● WORK INSTRUCTIONS
Transcribe the records below in full; pictures stay out of the copy.
[Start of Attachment]
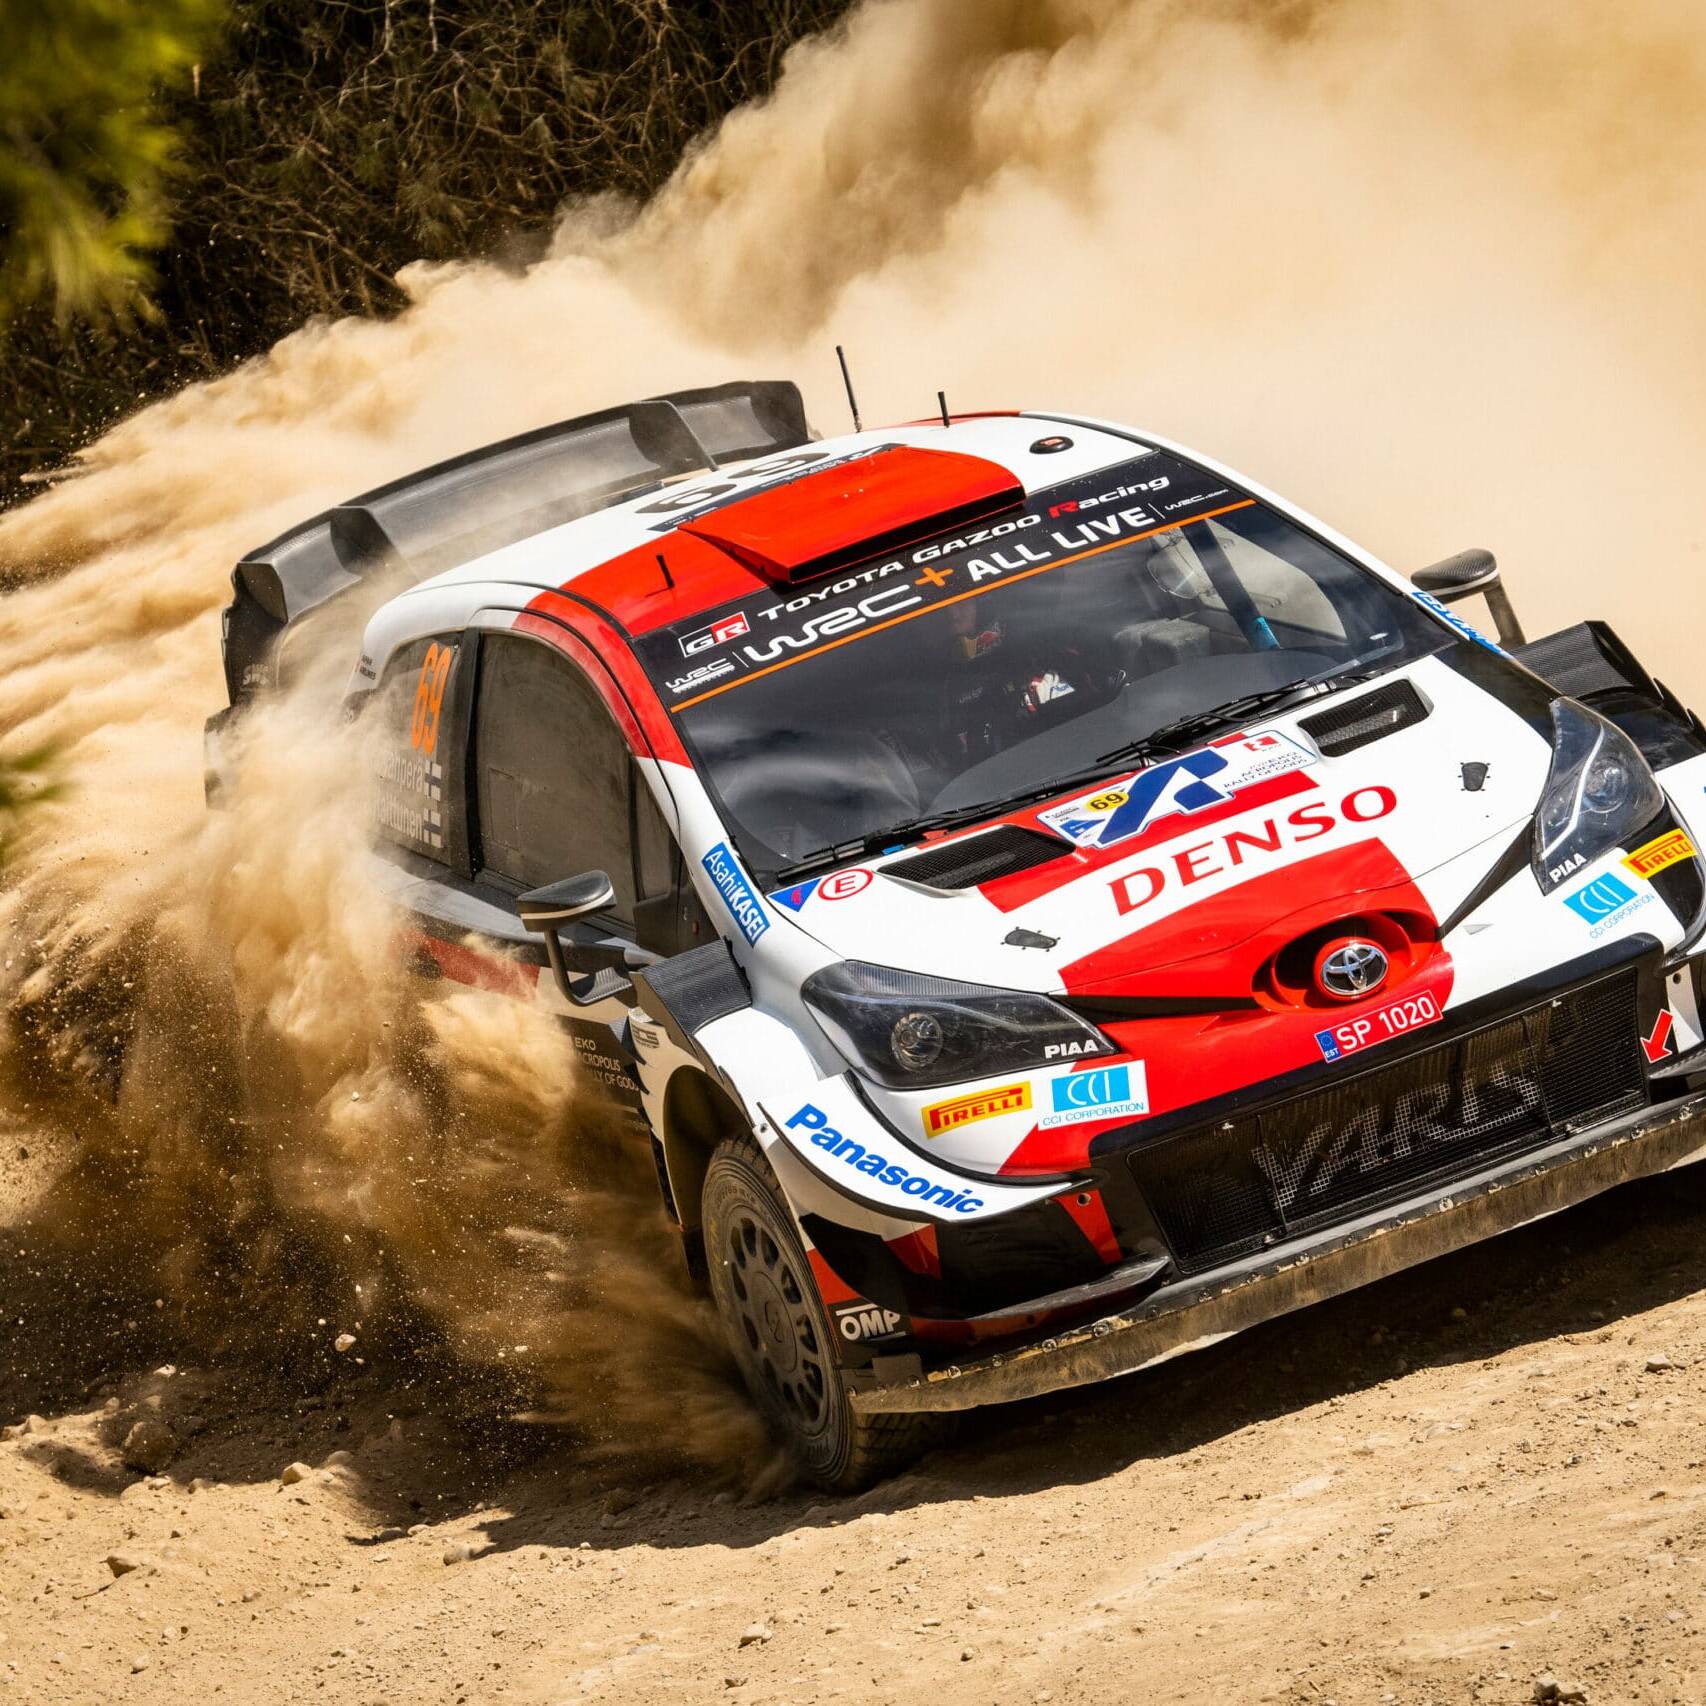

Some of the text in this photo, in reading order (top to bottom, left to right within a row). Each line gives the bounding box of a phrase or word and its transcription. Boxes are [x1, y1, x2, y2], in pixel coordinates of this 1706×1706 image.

[757, 475, 1171, 621] TOYOTA GAZOO Racing
[967, 537, 1052, 583] ALL
[1058, 506, 1156, 551] LIVE
[685, 621, 746, 654] GR
[665, 658, 732, 689] WRC
[411, 642, 451, 758] 69
[1090, 793, 1124, 810] 69
[1105, 785, 1399, 917] DENSO
[1548, 852, 1588, 884] PIAA
[1629, 833, 1696, 875] PIRELLI
[1602, 892, 1656, 930] CORPORATION
[1336, 996, 1436, 1051] SP 1020
[574, 1036, 597, 1052] EKO
[1044, 1039, 1100, 1060] PIAA
[1324, 1047, 1340, 1060] EST
[928, 1086, 1025, 1132] PIRELLI
[1042, 1101, 1146, 1127] CCI CORPORATION
[784, 1102, 985, 1214] Panasonic
[839, 1310, 901, 1342] OMP
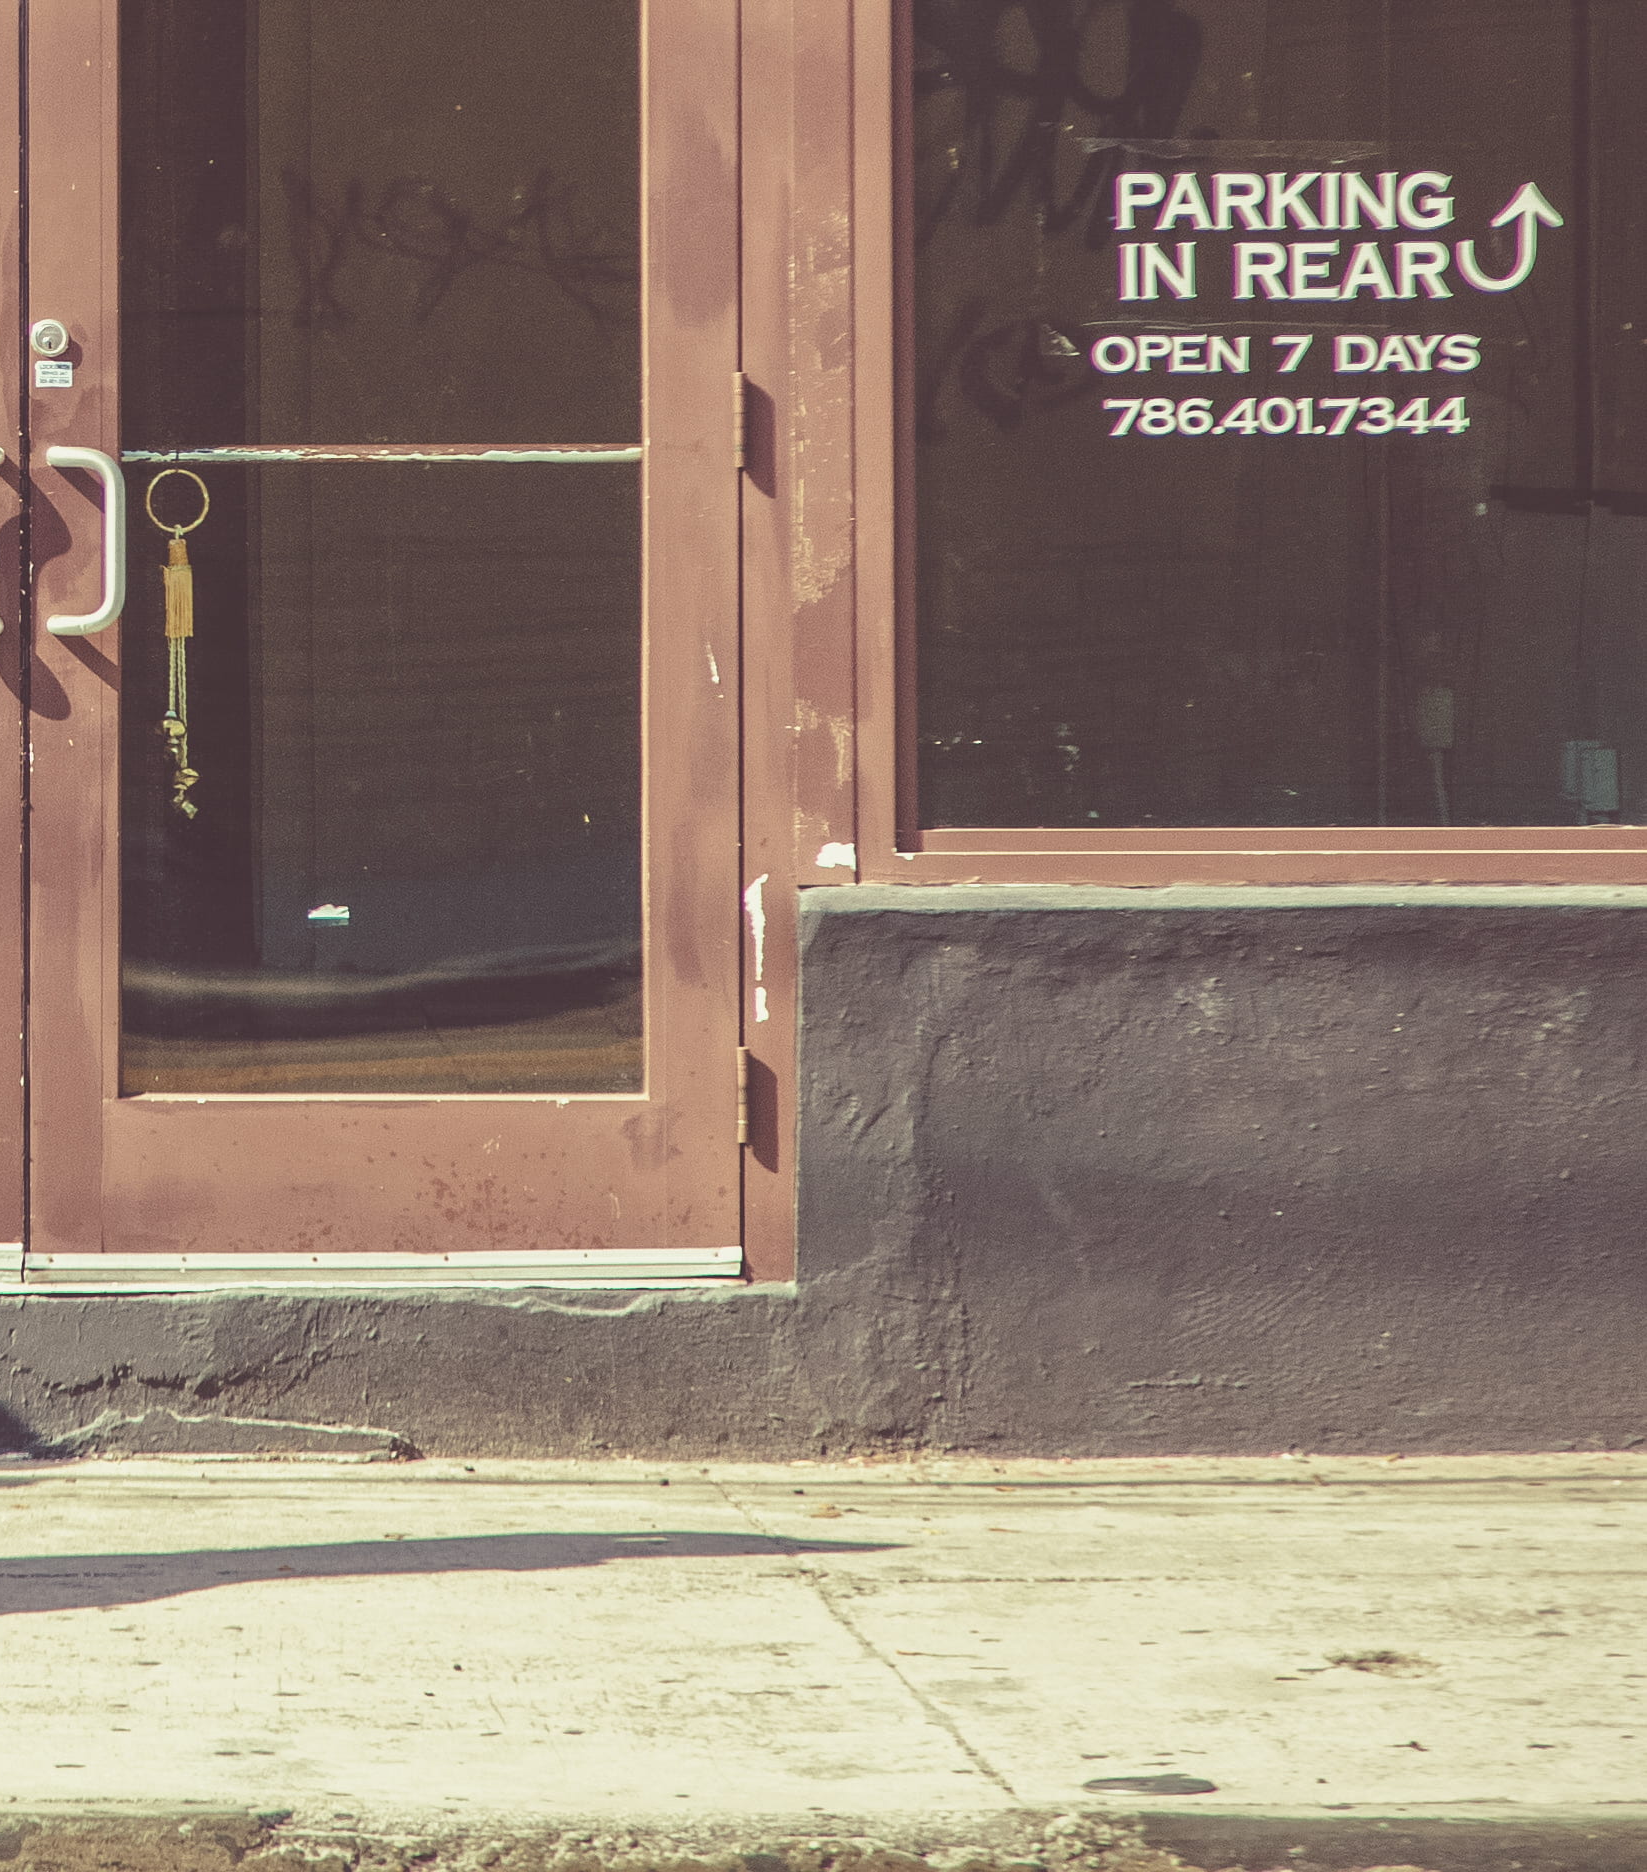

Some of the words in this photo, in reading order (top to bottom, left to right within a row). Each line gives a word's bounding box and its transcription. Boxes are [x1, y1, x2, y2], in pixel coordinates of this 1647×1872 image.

[1113, 170, 1457, 230] PARKING
[1118, 240, 1198, 301] IN
[1232, 239, 1455, 301] REAR
[1091, 333, 1251, 373] OPEN
[1271, 334, 1313, 373] 7
[1333, 333, 1482, 373] DAYS
[1103, 395, 1470, 436] 786.401.7344
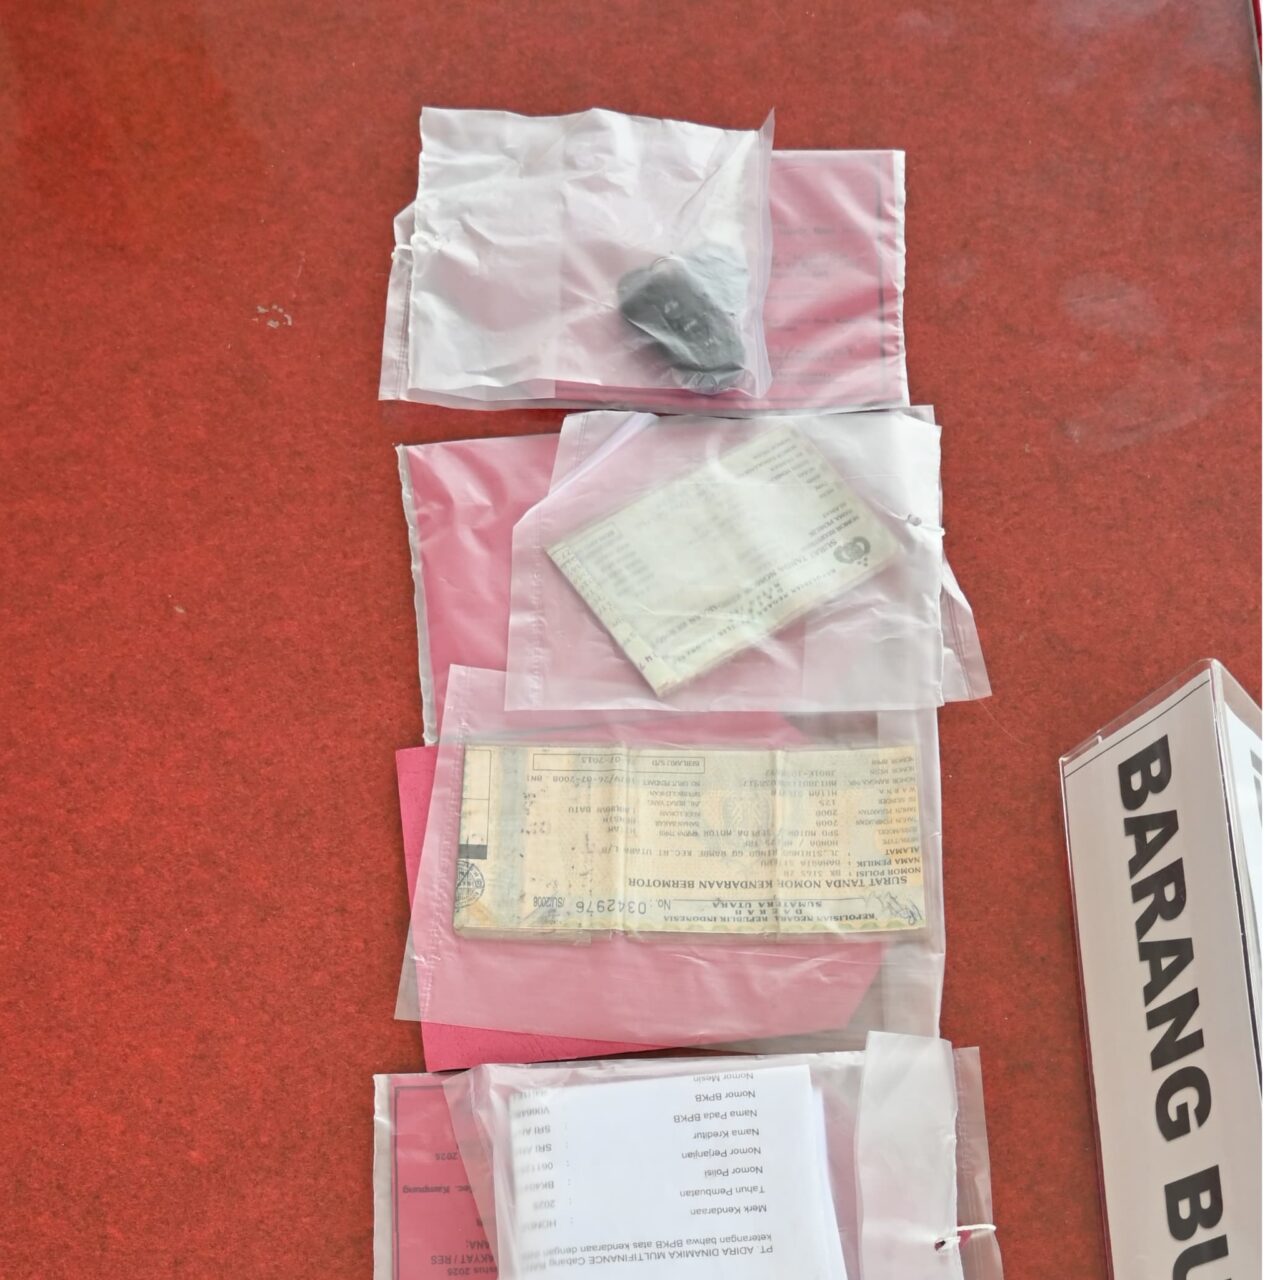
[End of Attachment]
● FINISHED EXERCISE
Some of the text in this photo, in reading order (top to bottom, left to right within a row). Each line gives the bounding box of a phrase or word and its transcription. Boxes are [x1, y1, x2, y2], in pixel coordinates of this 1706×1706 image.

[757, 475, 1171, 621] TOYOTA GAZOO Racing
[967, 537, 1052, 583] ALL
[1058, 506, 1156, 551] LIVE
[685, 621, 746, 654] GR
[665, 658, 732, 689] WRC
[411, 642, 451, 758] 69
[1090, 793, 1124, 810] 69
[1105, 785, 1399, 917] DENSO
[1548, 852, 1588, 884] PIAA
[1629, 833, 1696, 875] PIRELLI
[1602, 892, 1656, 930] CORPORATION
[1336, 996, 1436, 1051] SP 1020
[574, 1036, 597, 1052] EKO
[1044, 1039, 1100, 1060] PIAA
[1324, 1047, 1340, 1060] EST
[928, 1086, 1025, 1132] PIRELLI
[1042, 1101, 1146, 1127] CCI CORPORATION
[784, 1102, 985, 1214] Panasonic
[839, 1310, 901, 1342] OMP

Some of the words in this photo, in reading order (top to bottom, left to right within a row). Each line gives a word's bounding box and its transcription. Boxes are [x1, y1, x2, y2], in pixel coordinates of this 1647×1872 image.

[1113, 170, 1457, 230] PARKING
[1118, 240, 1198, 301] IN
[1232, 239, 1455, 301] REAR
[1091, 333, 1251, 373] OPEN
[1271, 334, 1313, 373] 7
[1333, 333, 1482, 373] DAYS
[1103, 395, 1470, 436] 786.401.7344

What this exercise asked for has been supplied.